Further, using an electric wire having a conductivity compatible with the screw also enables the noise reduction as set forth. Note that in this case as well, the positions where the electric wires are secured to the covers are desirably determined such that the distance therebetween does not equal the aforementioned resonant antenna length.

As set forth, according to the present invention, in the laser scanning apparatus structured such that the opening portions of the containing member are covered with the plural conductive cover members, the cover members can be simply and surely grounded.

Hereinabove, although the embodiments of the present invention are described, the present invention is not limited to those embodiments but allows any modifications within the technical idea of the present invention.

Claims

1. A laser scanning apparatus, comprising:

a laser light source;

a rotary polygon mirror for deflecting a laser beam emitted from the laser light source for scanning;

an imaging optical system for focusing the laser beam deflected by the rotary polygon mirror into an image;

a containing member for containing the rotary polygon mirror and the imaging optical system;

a first conductive cover member for closing a first opening portion of the containing member;

a second conductive cover member for closing a second opening portion of the containing member; and

a conductive connection member for electrically connecting between the first conductive cover member and the second conductive cover member.

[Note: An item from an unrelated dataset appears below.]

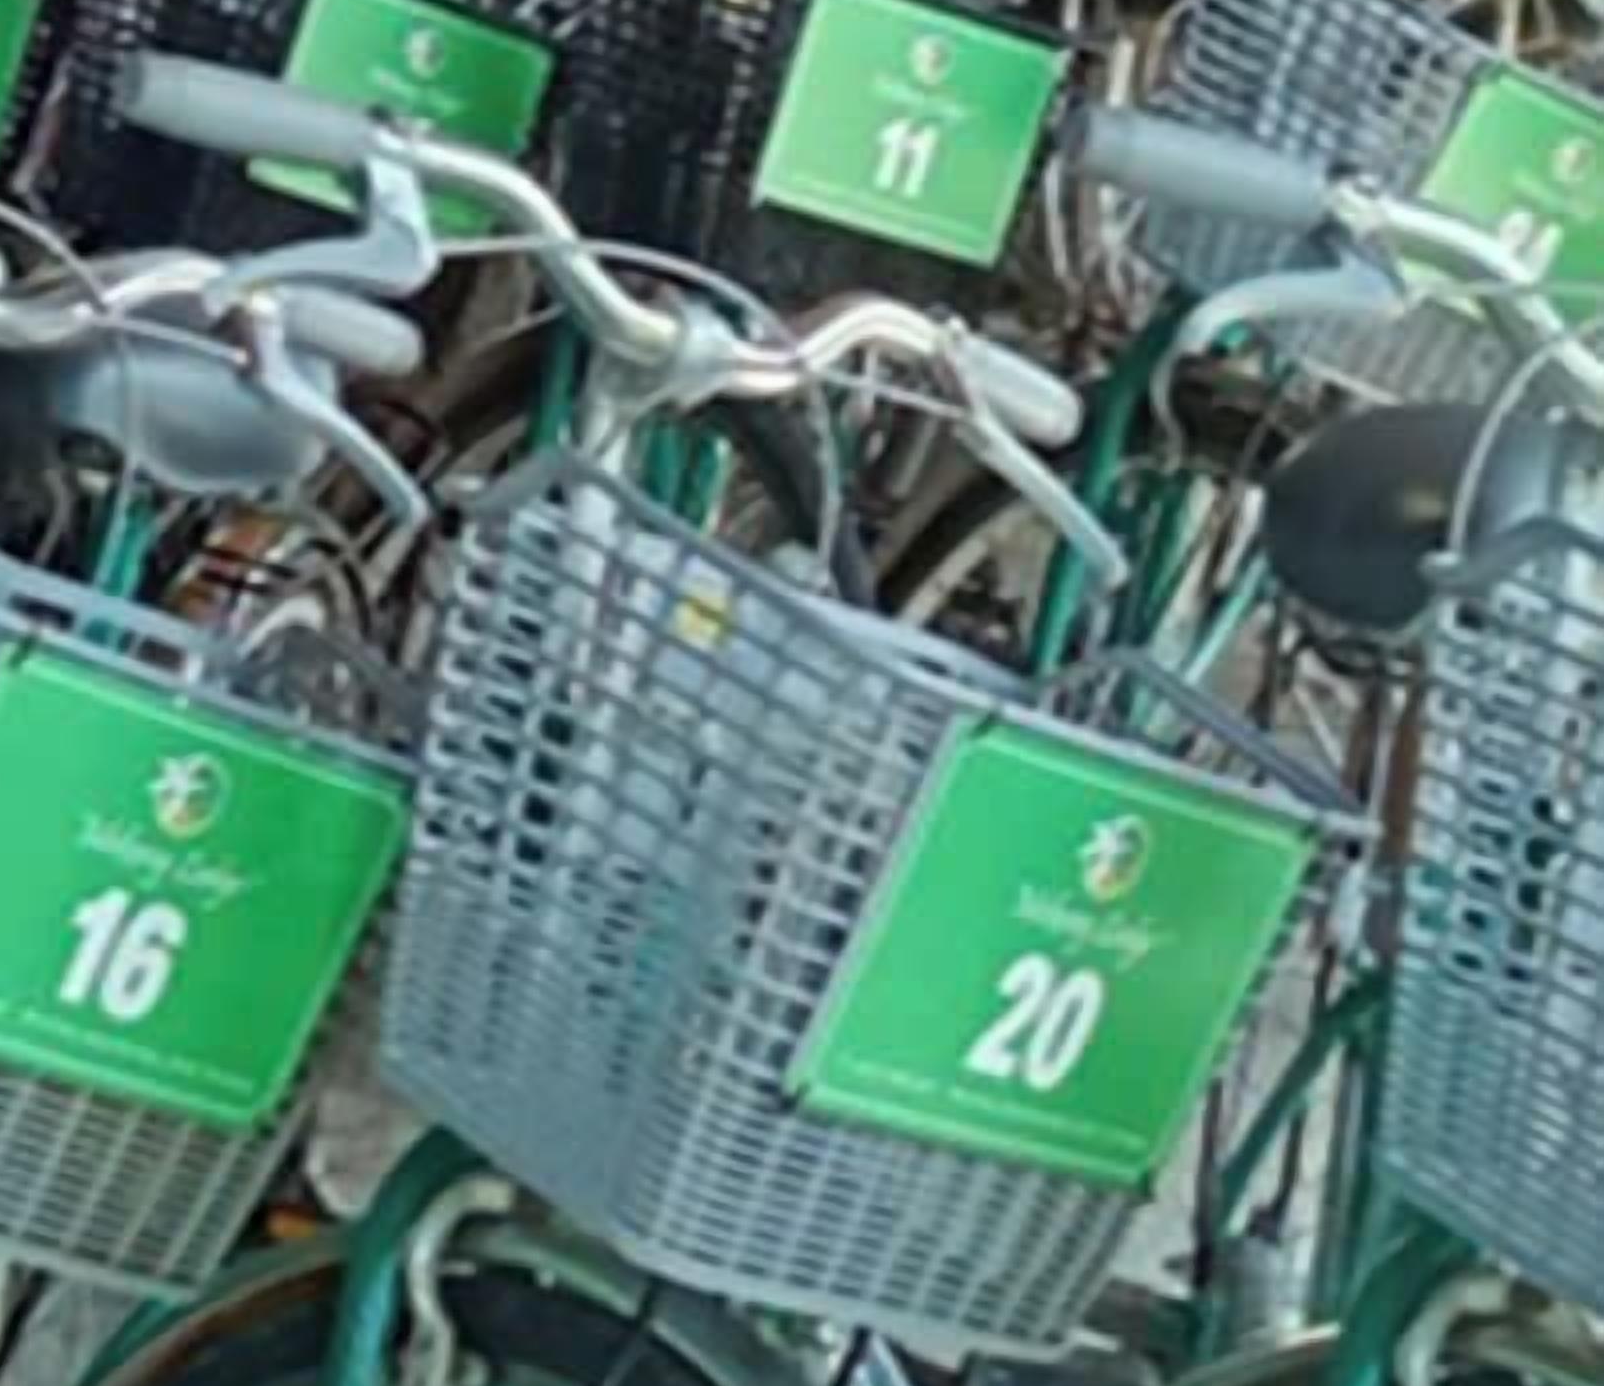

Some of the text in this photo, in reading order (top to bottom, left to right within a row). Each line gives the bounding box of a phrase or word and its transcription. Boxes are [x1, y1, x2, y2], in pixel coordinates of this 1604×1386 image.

[873, 116, 939, 200] 11
[58, 886, 189, 1024] 16
[962, 951, 1103, 1092] 20

2. A laser scanning apparatus according to claim 1, wherein the first conductive cover member covers an upper surface of the containing member and the second conductive cover member covers a lower surface of the containing member.

3. A laser scanning apparatus according to claim 1, comprising a plurality of conductive connection members, wherein a distance between the conductive connection members is set not to equal lengths of λ/2, λ/4, and λ/8 where λ represents a wavelength of a target radiation noise.

4. A laser scanning apparatus according to claim 1, wherein the conductive connection member has a mounting part for mounting the laser scanning apparatus to an apparatus in which the laser scanning apparatus is used.

5. A laser scanning apparatus according to claim 1, wherein the conductive connection member has a metal pole.

6. A laser scanning apparatus according to claim 5, wherein the metal pole is inserted through the containing member.

7. A laser scanning apparatus according to claim 1, wherein the laser scanning apparatus is used for an image forming apparatus having a photosensitive member and adapted to scan the photosensitive member with a laser beam according to image information to form a latent image on the photosensitive member.